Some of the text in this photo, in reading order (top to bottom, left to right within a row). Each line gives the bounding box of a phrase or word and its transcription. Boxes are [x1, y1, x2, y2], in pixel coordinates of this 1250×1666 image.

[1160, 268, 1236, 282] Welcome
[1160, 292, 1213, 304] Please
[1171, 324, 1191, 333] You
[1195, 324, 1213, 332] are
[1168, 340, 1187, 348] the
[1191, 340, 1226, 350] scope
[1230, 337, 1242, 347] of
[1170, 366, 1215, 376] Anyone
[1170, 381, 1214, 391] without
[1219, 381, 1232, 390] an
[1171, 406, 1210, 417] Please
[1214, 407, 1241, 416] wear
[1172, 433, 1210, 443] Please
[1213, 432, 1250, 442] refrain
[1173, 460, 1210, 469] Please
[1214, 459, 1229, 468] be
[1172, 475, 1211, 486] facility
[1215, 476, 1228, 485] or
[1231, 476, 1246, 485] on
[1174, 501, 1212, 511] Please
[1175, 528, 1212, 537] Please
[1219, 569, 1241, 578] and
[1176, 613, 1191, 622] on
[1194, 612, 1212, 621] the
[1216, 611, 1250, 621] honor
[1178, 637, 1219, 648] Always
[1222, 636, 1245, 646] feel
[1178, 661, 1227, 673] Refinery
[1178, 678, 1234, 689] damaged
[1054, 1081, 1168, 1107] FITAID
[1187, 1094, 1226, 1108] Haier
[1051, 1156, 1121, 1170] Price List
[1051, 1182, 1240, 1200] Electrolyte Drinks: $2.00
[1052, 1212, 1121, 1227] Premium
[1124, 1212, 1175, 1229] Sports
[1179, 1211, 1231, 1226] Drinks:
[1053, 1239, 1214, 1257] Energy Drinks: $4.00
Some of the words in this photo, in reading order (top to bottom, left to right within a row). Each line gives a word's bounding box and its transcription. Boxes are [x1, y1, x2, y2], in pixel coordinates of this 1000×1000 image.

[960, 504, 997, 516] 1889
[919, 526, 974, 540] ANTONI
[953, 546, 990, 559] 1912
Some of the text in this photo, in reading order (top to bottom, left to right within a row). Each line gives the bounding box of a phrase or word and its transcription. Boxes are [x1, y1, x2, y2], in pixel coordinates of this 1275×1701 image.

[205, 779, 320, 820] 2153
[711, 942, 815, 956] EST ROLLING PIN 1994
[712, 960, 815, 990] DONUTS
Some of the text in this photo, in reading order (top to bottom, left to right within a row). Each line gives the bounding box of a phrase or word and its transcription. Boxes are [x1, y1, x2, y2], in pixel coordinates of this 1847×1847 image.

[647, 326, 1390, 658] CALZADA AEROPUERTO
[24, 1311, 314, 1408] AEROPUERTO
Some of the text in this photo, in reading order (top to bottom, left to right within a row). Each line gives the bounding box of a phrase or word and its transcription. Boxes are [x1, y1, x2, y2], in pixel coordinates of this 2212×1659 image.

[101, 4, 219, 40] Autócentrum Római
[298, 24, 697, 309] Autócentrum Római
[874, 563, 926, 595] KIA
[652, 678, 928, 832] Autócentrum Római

WHAT IS REQUIRED: What's wanted here is every record, retyped exactly as shown above.

EXERCISE ANSWER:
Some of the text in this photo, in reading order (top to bottom, left to right within a row). Each line gives the bounding box of a phrase or word and its transcription. Boxes are [x1, y1, x2, y2], in pixel coordinates of this 1250×1666 image.

[1160, 268, 1236, 282] Welcome
[1160, 292, 1213, 304] Please
[1171, 324, 1191, 333] You
[1195, 324, 1213, 332] are
[1168, 340, 1187, 348] the
[1191, 340, 1226, 350] scope
[1230, 337, 1242, 347] of
[1170, 366, 1215, 376] Anyone
[1170, 381, 1214, 391] without
[1219, 381, 1232, 390] an
[1171, 406, 1210, 417] Please
[1214, 407, 1241, 416] wear
[1172, 433, 1210, 443] Please
[1213, 432, 1250, 442] refrain
[1173, 460, 1210, 469] Please
[1214, 459, 1229, 468] be
[1172, 475, 1211, 486] facility
[1215, 476, 1228, 485] or
[1231, 476, 1246, 485] on
[1174, 501, 1212, 511] Please
[1175, 528, 1212, 537] Please
[1219, 569, 1241, 578] and
[1176, 613, 1191, 622] on
[1194, 612, 1212, 621] the
[1216, 611, 1250, 621] honor
[1178, 637, 1219, 648] Always
[1222, 636, 1245, 646] feel
[1178, 661, 1227, 673] Refinery
[1178, 678, 1234, 689] damaged
[1054, 1081, 1168, 1107] FITAID
[1187, 1094, 1226, 1108] Haier
[1051, 1156, 1121, 1170] Price List
[1051, 1182, 1240, 1200] Electrolyte Drinks: $2.00
[1052, 1212, 1121, 1227] Premium
[1124, 1212, 1175, 1229] Sports
[1179, 1211, 1231, 1226] Drinks:
[1053, 1239, 1214, 1257] Energy Drinks: $4.00
Some of the words in this photo, in reading order (top to bottom, left to right within a row). Each line gives a word's bounding box and its transcription. Boxes are [x1, y1, x2, y2], in pixel coordinates of this 1000×1000 image.

[960, 504, 997, 516] 1889
[919, 526, 974, 540] ANTONI
[953, 546, 990, 559] 1912
Some of the text in this photo, in reading order (top to bottom, left to right within a row). Each line gives the bounding box of a phrase or word and its transcription. Boxes are [x1, y1, x2, y2], in pixel coordinates of this 1275×1701 image.

[205, 779, 320, 820] 2153
[711, 942, 815, 956] EST ROLLING PIN 1994
[712, 960, 815, 990] DONUTS
Some of the text in this photo, in reading order (top to bottom, left to right within a row). Each line gives the bounding box of a phrase or word and its transcription. Boxes are [x1, y1, x2, y2], in pixel coordinates of this 1847×1847 image.

[647, 326, 1390, 658] CALZADA AEROPUERTO
[24, 1311, 314, 1408] AEROPUERTO
Some of the text in this photo, in reading order (top to bottom, left to right within a row). Each line gives the bounding box of a phrase or word and its transcription. Boxes are [x1, y1, x2, y2], in pixel coordinates of this 2212×1659 image.

[101, 4, 219, 40] Autócentrum Római
[298, 24, 697, 309] Autócentrum Római
[874, 563, 926, 595] KIA
[652, 678, 928, 832] Autócentrum Római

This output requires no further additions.